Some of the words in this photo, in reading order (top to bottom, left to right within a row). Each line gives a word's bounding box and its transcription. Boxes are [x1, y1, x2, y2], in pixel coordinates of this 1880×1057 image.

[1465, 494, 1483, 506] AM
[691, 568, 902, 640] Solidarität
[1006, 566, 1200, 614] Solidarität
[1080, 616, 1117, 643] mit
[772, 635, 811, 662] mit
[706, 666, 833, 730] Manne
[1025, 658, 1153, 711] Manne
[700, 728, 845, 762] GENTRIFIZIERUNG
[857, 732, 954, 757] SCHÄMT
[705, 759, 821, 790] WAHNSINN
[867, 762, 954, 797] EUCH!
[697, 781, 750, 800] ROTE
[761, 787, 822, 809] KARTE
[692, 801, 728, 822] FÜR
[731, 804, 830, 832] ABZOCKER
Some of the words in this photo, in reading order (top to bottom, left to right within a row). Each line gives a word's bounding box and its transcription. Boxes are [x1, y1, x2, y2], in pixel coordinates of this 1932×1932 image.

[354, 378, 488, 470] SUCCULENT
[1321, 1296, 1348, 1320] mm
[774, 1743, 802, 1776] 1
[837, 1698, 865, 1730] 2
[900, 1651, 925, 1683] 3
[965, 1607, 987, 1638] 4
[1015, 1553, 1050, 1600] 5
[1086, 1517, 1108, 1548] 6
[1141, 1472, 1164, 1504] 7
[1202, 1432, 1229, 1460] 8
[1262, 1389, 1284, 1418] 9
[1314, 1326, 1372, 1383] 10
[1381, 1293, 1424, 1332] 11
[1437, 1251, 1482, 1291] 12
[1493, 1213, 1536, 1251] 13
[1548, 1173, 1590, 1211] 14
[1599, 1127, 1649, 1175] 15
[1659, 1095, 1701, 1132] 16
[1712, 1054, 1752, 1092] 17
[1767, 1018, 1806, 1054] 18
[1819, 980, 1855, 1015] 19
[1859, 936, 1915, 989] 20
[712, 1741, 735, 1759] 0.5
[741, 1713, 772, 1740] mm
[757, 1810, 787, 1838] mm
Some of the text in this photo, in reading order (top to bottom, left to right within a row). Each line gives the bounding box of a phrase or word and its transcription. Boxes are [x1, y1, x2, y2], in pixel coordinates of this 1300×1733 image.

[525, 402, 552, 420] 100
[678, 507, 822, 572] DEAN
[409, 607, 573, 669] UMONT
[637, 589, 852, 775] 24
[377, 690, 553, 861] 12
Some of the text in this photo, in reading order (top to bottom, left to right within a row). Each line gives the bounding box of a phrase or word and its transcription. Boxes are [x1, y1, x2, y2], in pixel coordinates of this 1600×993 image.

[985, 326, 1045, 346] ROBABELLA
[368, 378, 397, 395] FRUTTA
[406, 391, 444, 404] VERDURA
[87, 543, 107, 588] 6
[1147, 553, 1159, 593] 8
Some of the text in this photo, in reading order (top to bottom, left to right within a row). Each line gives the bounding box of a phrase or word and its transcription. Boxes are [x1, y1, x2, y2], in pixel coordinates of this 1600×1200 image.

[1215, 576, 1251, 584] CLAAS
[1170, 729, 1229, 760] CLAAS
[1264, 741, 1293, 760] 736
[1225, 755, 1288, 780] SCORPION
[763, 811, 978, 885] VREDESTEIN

=====

Starting at the top of the records, copy every line exactly.

**RESULT**
Some of the words in this photo, in reading order (top to bottom, left to right within a row). Each line gives a word's bounding box and its transcription. Boxes are [x1, y1, x2, y2], in pixel coordinates of this 1880×1057 image.

[1465, 494, 1483, 506] AM
[691, 568, 902, 640] Solidarität
[1006, 566, 1200, 614] Solidarität
[1080, 616, 1117, 643] mit
[772, 635, 811, 662] mit
[706, 666, 833, 730] Manne
[1025, 658, 1153, 711] Manne
[700, 728, 845, 762] GENTRIFIZIERUNG
[857, 732, 954, 757] SCHÄMT
[705, 759, 821, 790] WAHNSINN
[867, 762, 954, 797] EUCH!
[697, 781, 750, 800] ROTE
[761, 787, 822, 809] KARTE
[692, 801, 728, 822] FÜR
[731, 804, 830, 832] ABZOCKER
Some of the words in this photo, in reading order (top to bottom, left to right within a row). Each line gives a word's bounding box and its transcription. Boxes are [x1, y1, x2, y2], in pixel coordinates of this 1932×1932 image.

[354, 378, 488, 470] SUCCULENT
[1321, 1296, 1348, 1320] mm
[774, 1743, 802, 1776] 1
[837, 1698, 865, 1730] 2
[900, 1651, 925, 1683] 3
[965, 1607, 987, 1638] 4
[1015, 1553, 1050, 1600] 5
[1086, 1517, 1108, 1548] 6
[1141, 1472, 1164, 1504] 7
[1202, 1432, 1229, 1460] 8
[1262, 1389, 1284, 1418] 9
[1314, 1326, 1372, 1383] 10
[1381, 1293, 1424, 1332] 11
[1437, 1251, 1482, 1291] 12
[1493, 1213, 1536, 1251] 13
[1548, 1173, 1590, 1211] 14
[1599, 1127, 1649, 1175] 15
[1659, 1095, 1701, 1132] 16
[1712, 1054, 1752, 1092] 17
[1767, 1018, 1806, 1054] 18
[1819, 980, 1855, 1015] 19
[1859, 936, 1915, 989] 20
[712, 1741, 735, 1759] 0.5
[741, 1713, 772, 1740] mm
[757, 1810, 787, 1838] mm
Some of the text in this photo, in reading order (top to bottom, left to right within a row). Each line gives the bounding box of a phrase or word and its transcription. Boxes are [x1, y1, x2, y2], in pixel coordinates of this 1300×1733 image.

[525, 402, 552, 420] 100
[678, 507, 822, 572] DEAN
[409, 607, 573, 669] UMONT
[637, 589, 852, 775] 24
[377, 690, 553, 861] 12
Some of the text in this photo, in reading order (top to bottom, left to right within a row). Each line gives the bounding box of a phrase or word and its transcription. Boxes are [x1, y1, x2, y2], in pixel coordinates of this 1600×993 image.

[985, 326, 1045, 346] ROBABELLA
[368, 378, 397, 395] FRUTTA
[406, 391, 444, 404] VERDURA
[87, 543, 107, 588] 6
[1147, 553, 1159, 593] 8
Some of the text in this photo, in reading order (top to bottom, left to right within a row). Each line gives the bounding box of a phrase or word and its transcription. Boxes are [x1, y1, x2, y2], in pixel coordinates of this 1600×1200 image.

[1215, 576, 1251, 584] CLAAS
[1170, 729, 1229, 760] CLAAS
[1264, 741, 1293, 760] 736
[1225, 755, 1288, 780] SCORPION
[763, 811, 978, 885] VREDESTEIN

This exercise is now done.